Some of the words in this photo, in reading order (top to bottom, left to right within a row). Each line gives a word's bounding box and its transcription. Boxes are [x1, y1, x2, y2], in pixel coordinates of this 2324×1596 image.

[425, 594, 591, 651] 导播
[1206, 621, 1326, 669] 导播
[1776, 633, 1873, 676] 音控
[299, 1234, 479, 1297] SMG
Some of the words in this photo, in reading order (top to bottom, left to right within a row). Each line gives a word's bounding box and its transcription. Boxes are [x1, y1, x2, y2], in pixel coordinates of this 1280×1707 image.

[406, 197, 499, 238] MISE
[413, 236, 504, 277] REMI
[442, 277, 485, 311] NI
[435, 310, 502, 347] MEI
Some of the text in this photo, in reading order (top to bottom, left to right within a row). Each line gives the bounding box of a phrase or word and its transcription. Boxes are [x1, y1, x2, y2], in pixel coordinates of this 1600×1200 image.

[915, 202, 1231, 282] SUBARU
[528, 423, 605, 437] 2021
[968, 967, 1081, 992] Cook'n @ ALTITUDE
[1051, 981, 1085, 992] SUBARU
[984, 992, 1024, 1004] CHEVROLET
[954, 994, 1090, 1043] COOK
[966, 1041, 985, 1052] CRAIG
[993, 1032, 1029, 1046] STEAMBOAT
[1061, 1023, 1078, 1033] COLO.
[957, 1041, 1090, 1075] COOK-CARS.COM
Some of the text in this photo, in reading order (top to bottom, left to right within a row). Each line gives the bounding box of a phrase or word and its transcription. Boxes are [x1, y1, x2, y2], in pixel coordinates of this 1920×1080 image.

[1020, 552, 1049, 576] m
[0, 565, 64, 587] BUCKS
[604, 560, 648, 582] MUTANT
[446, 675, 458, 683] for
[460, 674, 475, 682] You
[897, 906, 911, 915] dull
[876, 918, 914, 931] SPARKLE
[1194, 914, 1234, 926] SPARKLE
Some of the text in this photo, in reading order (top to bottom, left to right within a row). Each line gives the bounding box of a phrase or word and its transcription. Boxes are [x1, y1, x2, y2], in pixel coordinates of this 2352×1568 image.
·····
An exact copy of every record is needed; write it out in full.

Some of the words in this photo, in reading order (top to bottom, left to right within a row). Each line gives a word's bounding box and its transcription. Boxes are [x1, y1, x2, y2], in pixel coordinates of this 2324×1596 image.

[425, 594, 591, 651] 导播
[1206, 621, 1326, 669] 导播
[1776, 633, 1873, 676] 音控
[299, 1234, 479, 1297] SMG
Some of the words in this photo, in reading order (top to bottom, left to right within a row). Each line gives a word's bounding box and its transcription. Boxes are [x1, y1, x2, y2], in pixel coordinates of this 1280×1707 image.

[406, 197, 499, 238] MISE
[413, 236, 504, 277] REMI
[442, 277, 485, 311] NI
[435, 310, 502, 347] MEI
Some of the text in this photo, in reading order (top to bottom, left to right within a row). Each line gives the bounding box of a phrase or word and its transcription. Boxes are [x1, y1, x2, y2], in pixel coordinates of this 1600×1200 image.

[915, 202, 1231, 282] SUBARU
[528, 423, 605, 437] 2021
[968, 967, 1081, 992] Cook'n @ ALTITUDE
[1051, 981, 1085, 992] SUBARU
[984, 992, 1024, 1004] CHEVROLET
[954, 994, 1090, 1043] COOK
[966, 1041, 985, 1052] CRAIG
[993, 1032, 1029, 1046] STEAMBOAT
[1061, 1023, 1078, 1033] COLO.
[957, 1041, 1090, 1075] COOK-CARS.COM
Some of the text in this photo, in reading order (top to bottom, left to right within a row). Each line gives the bounding box of a phrase or word and its transcription. Boxes are [x1, y1, x2, y2], in pixel coordinates of this 1920×1080 image.

[1020, 552, 1049, 576] m
[0, 565, 64, 587] BUCKS
[604, 560, 648, 582] MUTANT
[446, 675, 458, 683] for
[460, 674, 475, 682] You
[897, 906, 911, 915] dull
[876, 918, 914, 931] SPARKLE
[1194, 914, 1234, 926] SPARKLE
Some of the text in this photo, in reading order (top to bottom, left to right within a row). Each line gives the bounding box of a phrase or word and its transcription. Boxes are [x1, y1, x2, y2], in pixel coordinates of this 2352×1568 image.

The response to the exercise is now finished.